面会交流と強制執行(最高裁平成25年3月28日)
はじめに
夫婦が別居している場合や離婚した場合で、子供と同居していない親が、子供と直接会う等の交流をすることを、面会交流といいます。
面会交流の約束をしたものの、相手方が約束を守ってくれない場合、強制執行(裁判所を通じて強制的に面会交流を実現すること)を行うことが考えられます。
通常の強制執行は、裁判所の執行官が直接実力で権利を実現するものですが、面会交流に関する強制執行は直接的な実力行使(=執行官が子供を無理やり連れてくる)にはなじみません。そのため、面会交流の強制執行は、間接強制、すなわち、一定期間内に面会交流を実施しなければ制裁金を払うように命じることによって、心理的圧迫を与える、という方法によることになります。
ただし、このような強制執行をなしうるためには、一定の条件があります。そのような条件を定めたものが、今回紹介する最高裁平成25年3月28日判決です。
なお、面会交流に関する定めは、①離婚協議書、②公正証書、③調停での調書、などで定めることなりますが、強制執行がなしうるのは、②の公正証書、③調停調書の場合だけです。単なる離婚協議書では強制執行はできません。以下の記述は、②の公正証書、あるいは③の調停調書で面会交流を定める場合を前提としています。
事案
Xは、長男との面会交流を求めて調停を行い、結果、Yとの間で、調停調書において以下の条項が定められた。

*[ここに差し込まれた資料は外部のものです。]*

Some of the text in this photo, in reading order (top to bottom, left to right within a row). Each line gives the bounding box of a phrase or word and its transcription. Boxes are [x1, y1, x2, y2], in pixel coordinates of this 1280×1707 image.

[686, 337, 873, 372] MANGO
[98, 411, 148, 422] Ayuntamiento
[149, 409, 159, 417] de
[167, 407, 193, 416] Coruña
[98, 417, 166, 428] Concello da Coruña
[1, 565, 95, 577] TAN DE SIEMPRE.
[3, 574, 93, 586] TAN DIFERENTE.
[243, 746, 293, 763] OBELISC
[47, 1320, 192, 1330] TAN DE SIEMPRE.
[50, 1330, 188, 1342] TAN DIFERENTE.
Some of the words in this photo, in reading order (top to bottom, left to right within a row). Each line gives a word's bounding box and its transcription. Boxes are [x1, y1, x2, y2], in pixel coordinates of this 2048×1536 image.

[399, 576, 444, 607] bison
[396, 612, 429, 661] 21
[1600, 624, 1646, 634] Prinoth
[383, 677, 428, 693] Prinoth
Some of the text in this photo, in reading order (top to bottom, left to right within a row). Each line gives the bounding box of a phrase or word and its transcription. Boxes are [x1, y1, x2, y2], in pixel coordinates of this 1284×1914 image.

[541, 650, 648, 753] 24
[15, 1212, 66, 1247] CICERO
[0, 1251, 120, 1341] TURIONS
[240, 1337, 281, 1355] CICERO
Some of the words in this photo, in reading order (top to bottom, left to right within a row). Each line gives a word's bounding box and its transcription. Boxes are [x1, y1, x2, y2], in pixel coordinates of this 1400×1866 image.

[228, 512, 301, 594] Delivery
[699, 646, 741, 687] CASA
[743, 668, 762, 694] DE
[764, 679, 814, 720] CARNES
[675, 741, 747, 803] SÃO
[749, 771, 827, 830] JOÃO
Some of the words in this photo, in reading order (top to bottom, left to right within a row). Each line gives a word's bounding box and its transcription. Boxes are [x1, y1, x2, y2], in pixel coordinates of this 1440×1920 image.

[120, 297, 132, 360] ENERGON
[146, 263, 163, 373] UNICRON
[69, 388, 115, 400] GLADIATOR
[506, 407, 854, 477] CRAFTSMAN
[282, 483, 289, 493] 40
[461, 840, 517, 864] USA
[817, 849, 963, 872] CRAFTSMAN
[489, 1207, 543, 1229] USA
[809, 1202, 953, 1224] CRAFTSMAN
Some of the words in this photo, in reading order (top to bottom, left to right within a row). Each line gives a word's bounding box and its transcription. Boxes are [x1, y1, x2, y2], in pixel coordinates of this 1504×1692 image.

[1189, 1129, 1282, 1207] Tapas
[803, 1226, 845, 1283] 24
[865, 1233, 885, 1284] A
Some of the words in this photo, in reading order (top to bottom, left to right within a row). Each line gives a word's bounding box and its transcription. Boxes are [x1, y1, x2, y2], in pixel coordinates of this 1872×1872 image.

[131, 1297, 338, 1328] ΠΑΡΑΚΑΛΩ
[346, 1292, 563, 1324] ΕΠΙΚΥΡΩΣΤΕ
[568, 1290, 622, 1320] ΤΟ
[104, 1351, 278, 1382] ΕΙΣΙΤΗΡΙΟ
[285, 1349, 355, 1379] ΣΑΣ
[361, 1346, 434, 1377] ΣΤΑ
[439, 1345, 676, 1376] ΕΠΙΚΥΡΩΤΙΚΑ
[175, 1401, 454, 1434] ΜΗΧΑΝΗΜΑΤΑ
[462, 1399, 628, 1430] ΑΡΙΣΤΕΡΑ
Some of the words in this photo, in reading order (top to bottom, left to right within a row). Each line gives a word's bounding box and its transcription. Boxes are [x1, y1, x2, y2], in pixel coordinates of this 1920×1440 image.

1 Y(子供と同居している親)は、X(面会交流を求める側)に対して、長男と、2か月に1回程度、原則として第3土曜日の翌日に、半日程度(原則として午前11時から午後5時まで)面接をすることを認める。ただし、最初は1時間程度から始めることとし、長男の様子を見ながら徐々に時間を延ばすこととする。
2 Yは、前項に定める面接の開始時にA県B市のC通りの喫茶店の前で長男をXに会わせ、Xは終了時間に同場所において長男を相手方に引き渡すことを当面の原則とする。ただし、面接交渉の具体的な日時、場所、方法等は、子の福祉に慎重に配慮して、XとYで協議して定める。
3 XとYは、上記1に基づく1回目の面接交渉を、平成22年1月末日までに行うこととする。
最高裁の判断
最高裁は、「非監護親(X)と監護親(Y)との間で非監護親と子が面会交流をすることを定める調停が成立した場合において、調停調書に面会交流の日時又は頻度、各回の面会交流時間の長さ、子の引き渡しの方法等が具体的に定められているなど監護親がすべき給付の特定に欠けるところがないといえるとき」は、原則として間接強制をなしうる、としたうえで、本件では特定不十分で強制執行ができないと判断しました。
最高裁は、上記の調停条項は、特定不十分としたのですが、問題とされている箇所は、青字の部分です。
問題の部分は、以下のとおりに訂正する必要があります。
「2か月に1回程度」 ⇒ 「毎月」、あるいは「毎偶数月」など
「半日程度(原則として午前11時から午後5時まで)」
⇒「午前11時から午後5時まで」 ※あいまいな書き方をしない
「最初は1時間程度から始めることとし、長男の様子を見ながら徐々に時間を延ばす」
⇒削除する
「ただし、面接交渉の具体的な日時、場所、方法等は、子の福祉に慎重に配慮して、XとYで協議して定める。」
⇒削除する
まとめ
強制執行ができる形できちんと面会交流の条項を定める場合には、①面会交流の日時又は頻度、②各回の面会交流時間の長さ、③子の引き渡しの方法等、があいまいにならないように、きちんと特定して記載することが必要です。調停調書の場合は裁判所が文書を作成してくれますが、夫婦間で話し合って公正証書を作る場合には特にこの点を意識して頂く必要があります。